Implements the mini-batch algorithm for k-means clustering.
The mini-batch approach is similar to Lloyd's algorithm in that it runs through a set of observations, assigns each to the closest centroid, updates the centroids and repeats. The key difference is that each iteration is performed with a random subset of observations (i.e., a "mini-batch"), instead of the full set of observations. This reduces computational time and memory usage at the cost of some solution quality.
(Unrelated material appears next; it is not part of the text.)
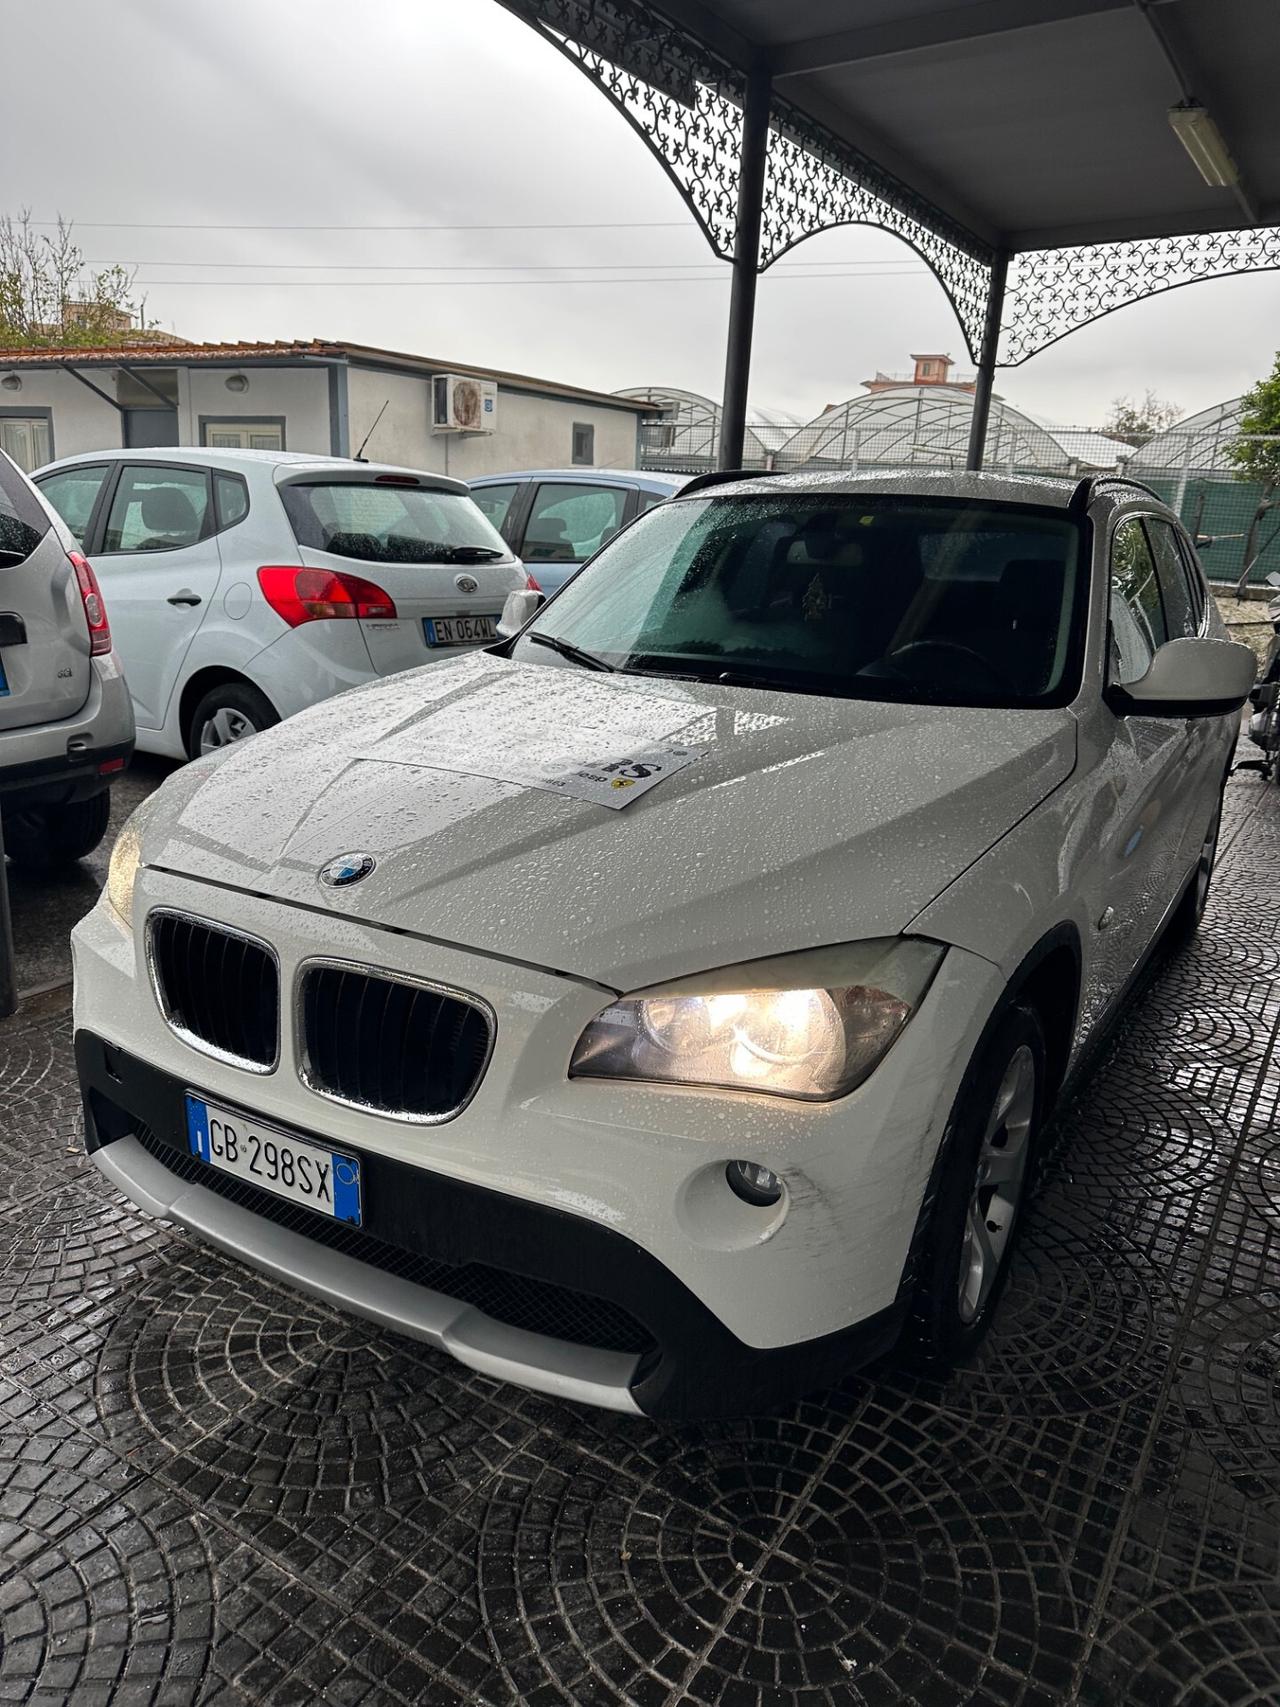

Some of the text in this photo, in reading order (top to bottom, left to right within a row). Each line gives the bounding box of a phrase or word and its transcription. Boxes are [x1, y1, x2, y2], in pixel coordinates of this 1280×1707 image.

[434, 621, 453, 641] EN
[456, 619, 497, 639] 064WL
[210, 1119, 331, 1202] GB 298SX
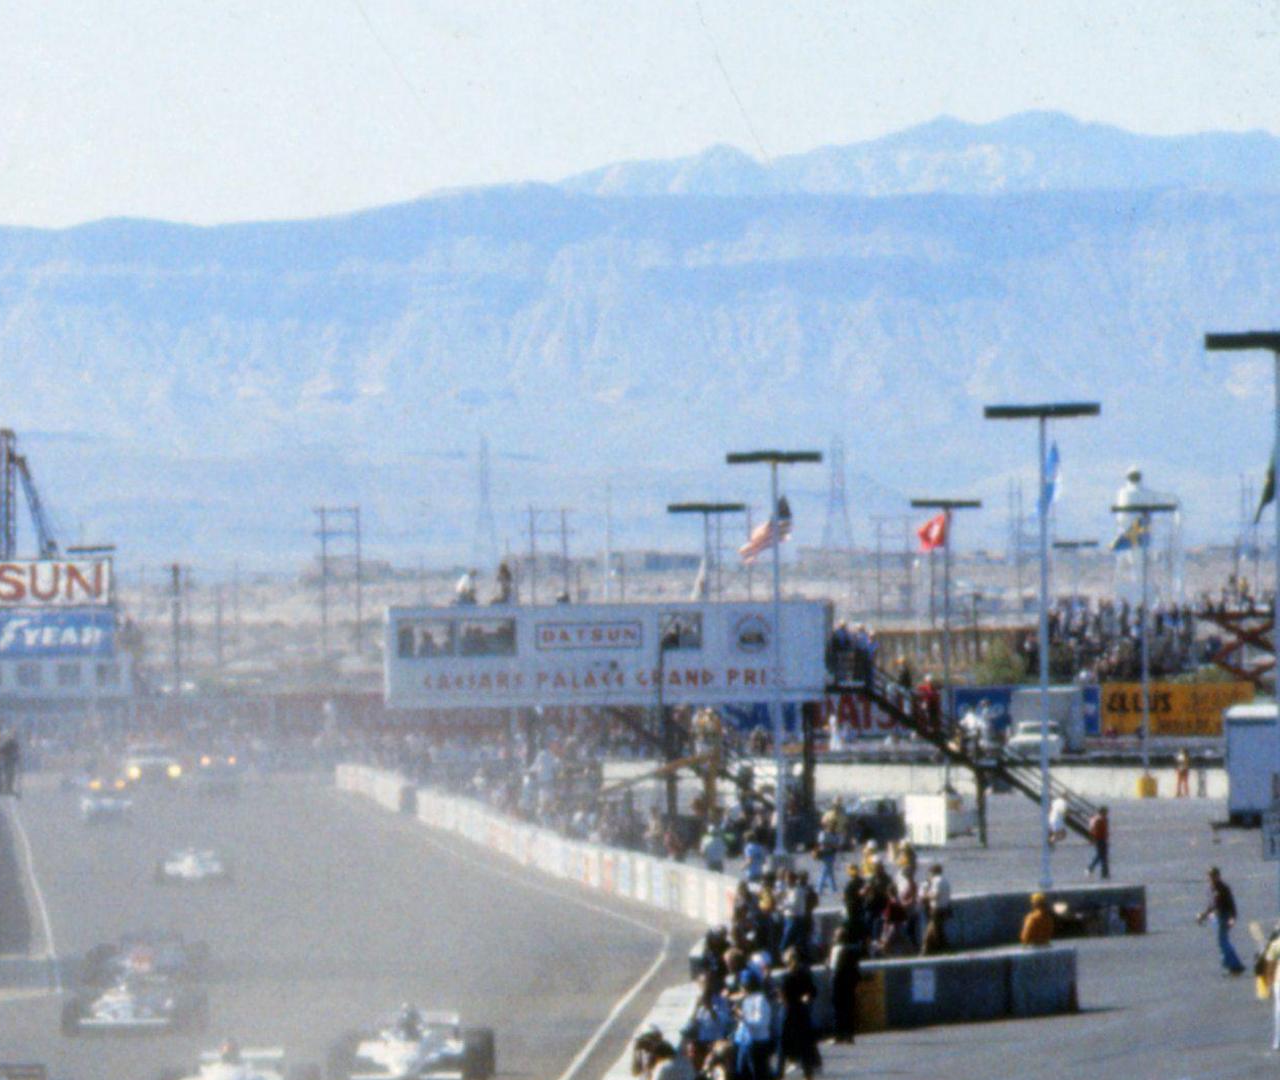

The update procedure for a cluster's centroid involves adjusting the coordinates by the assigned observations in the mini-batch. The resulting vector can be interpreted as the mean of all observations that have ever been sampled (possibly multiple times) to that cluster. Thus, the magnitude of the updates will decrease in later iterations as the relative effect of newly sampled points is reduced. This ensures that the centroids will stabilize at a sufficiently large number of iterations.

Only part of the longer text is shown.